Miró nuevamente su viejo reloj e inmediatamente volteó para ver al gato negro, pero éste ya no estaba, parecía que nunca había estado. A pesar de que siempre había dicho que no creía en supercherías como pasar por debajo de una escalera, de no recibir nunca un cuchillo de manos de alguien o levantarse con el pie izquierdo, esta vez la imagen del gato flacuchento le ocasionó algo de angustia.

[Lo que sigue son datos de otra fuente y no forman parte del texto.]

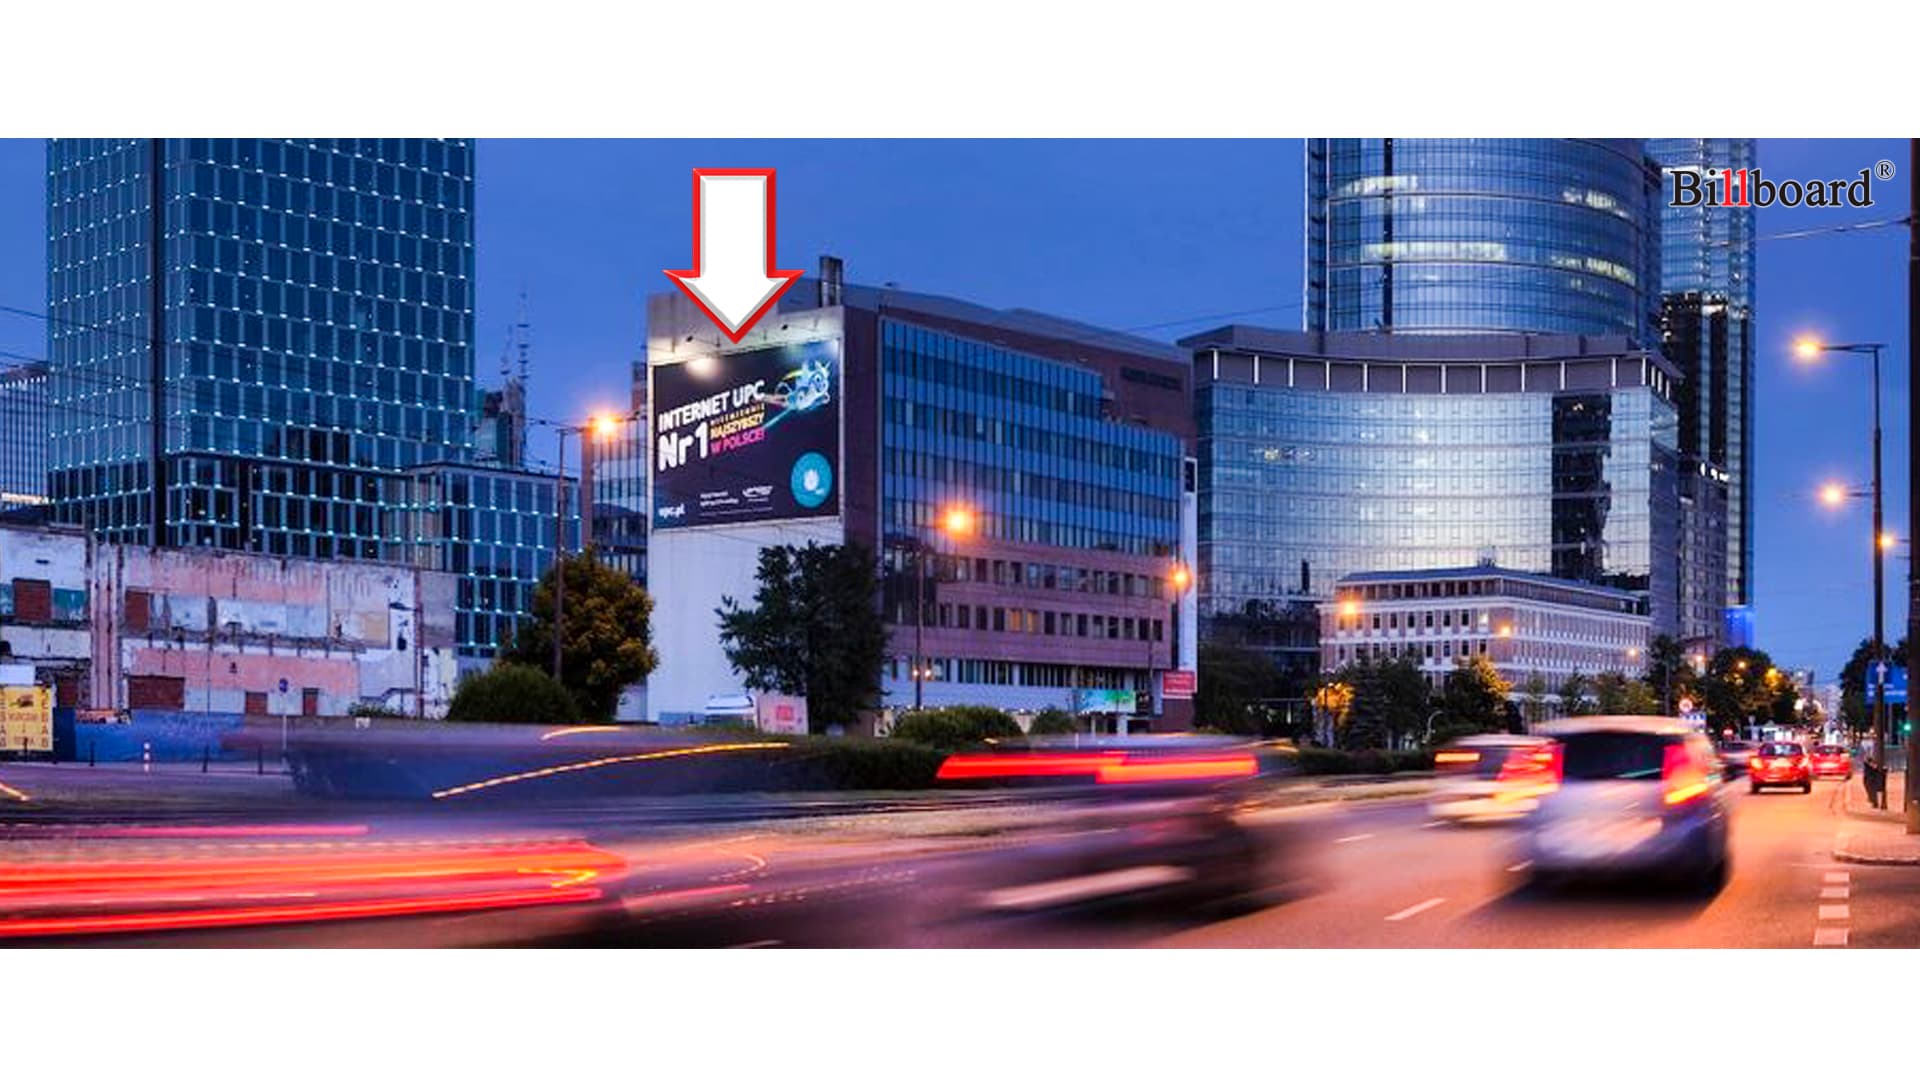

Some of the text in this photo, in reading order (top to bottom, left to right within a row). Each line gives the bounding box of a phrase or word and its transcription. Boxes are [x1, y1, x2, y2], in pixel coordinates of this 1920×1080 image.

[658, 380, 765, 433] INTERNET UPC
[658, 421, 708, 471] Nr 1
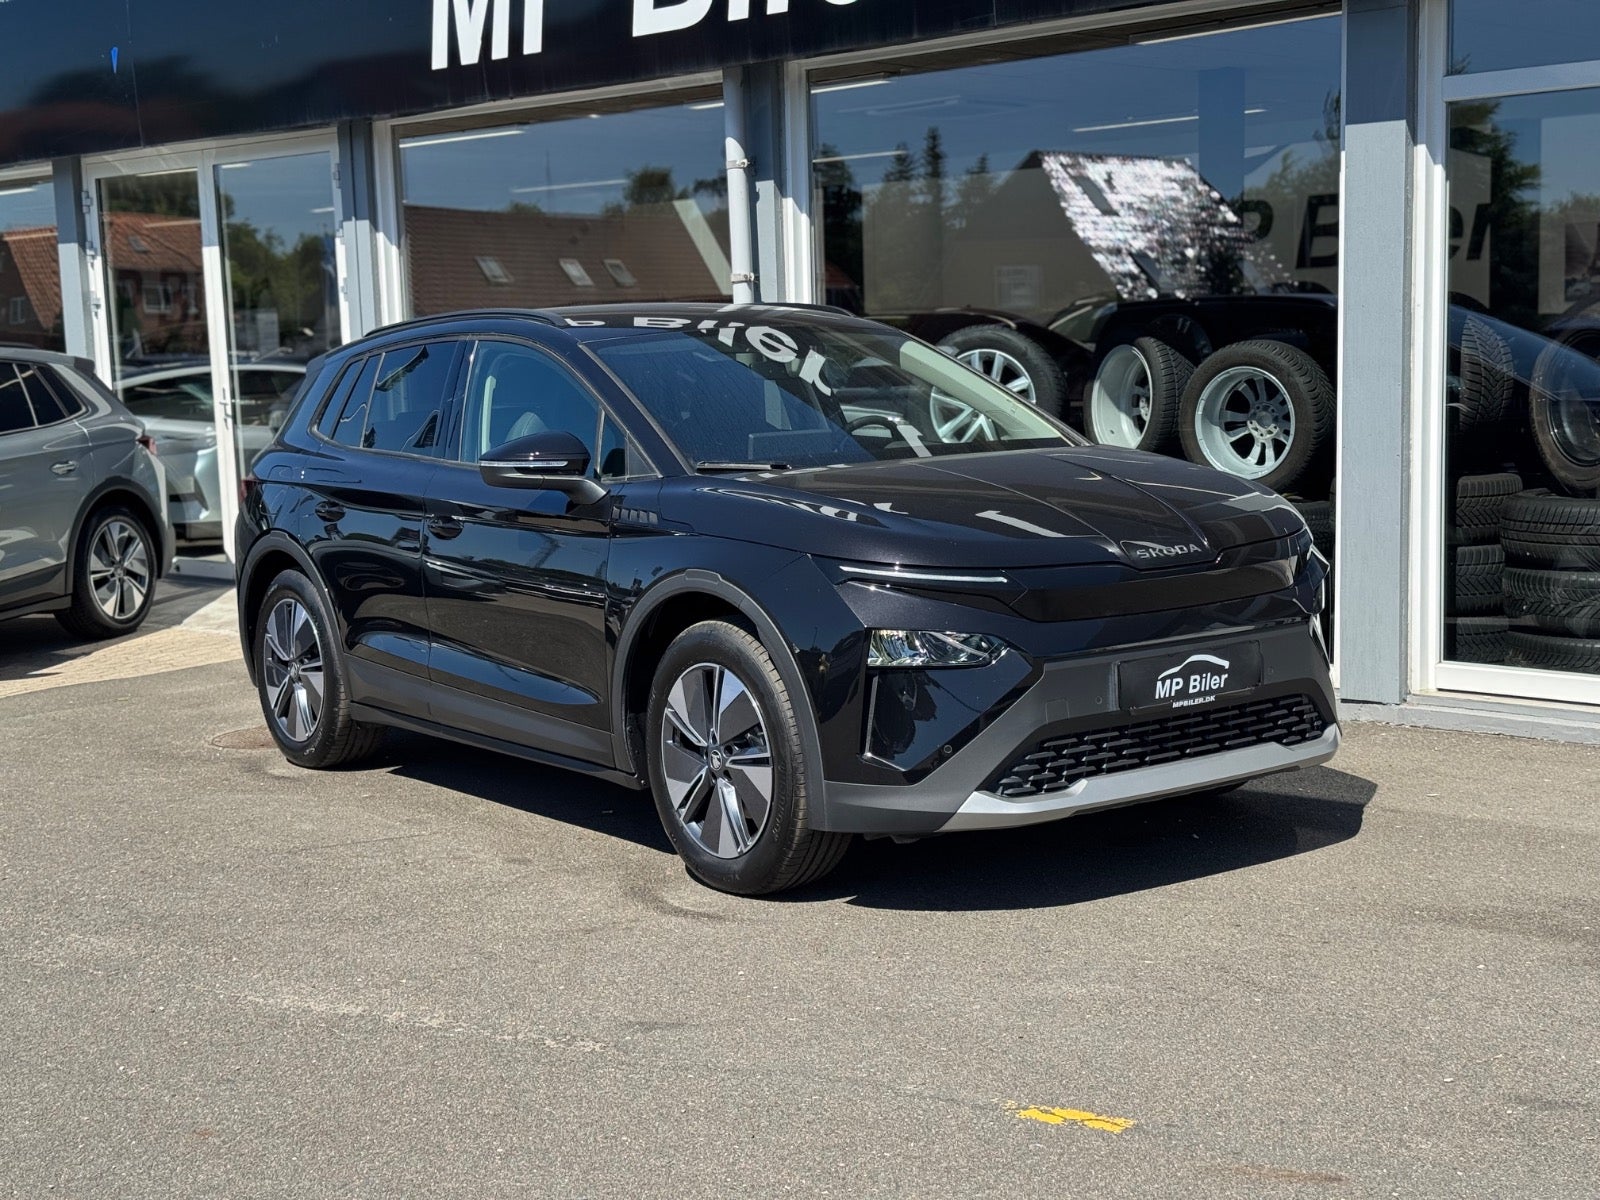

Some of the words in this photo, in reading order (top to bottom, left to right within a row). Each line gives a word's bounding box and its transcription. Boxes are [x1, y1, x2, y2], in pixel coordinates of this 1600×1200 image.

Don Diego quiso regresar a casa y decirle a Doña Rosita, su eterna compañera y madre de sus siete hijos, que aún no estaban los resultados médicos y que lo habían citado para el siguiente lunes. Quiso creer que todos le creían, pero de pronto se sintió peor que al comienzo porque siempre había detestado las mentiras y decidió ir, de todas maneras, a recoger sus resultados.

Suspiró profundamente al llegar al Hospital de La Virgen de Fátima y se dirigió al consultorio del doctor Meneses que se encontraba al final del pasadizo del segundo piso. Suspiró nuevamente, pero esta vez se dio cuenta de su respiración y comprendió que tenía miedo. La imagen del gato negro se cruzó por su mente y volvió a aparecer una y otra vez. Don Diego pronunció en silencio unas palabras e ingresó al consultorio. La enfermera lo reconoció y lo comunicó con el doctor Meneses.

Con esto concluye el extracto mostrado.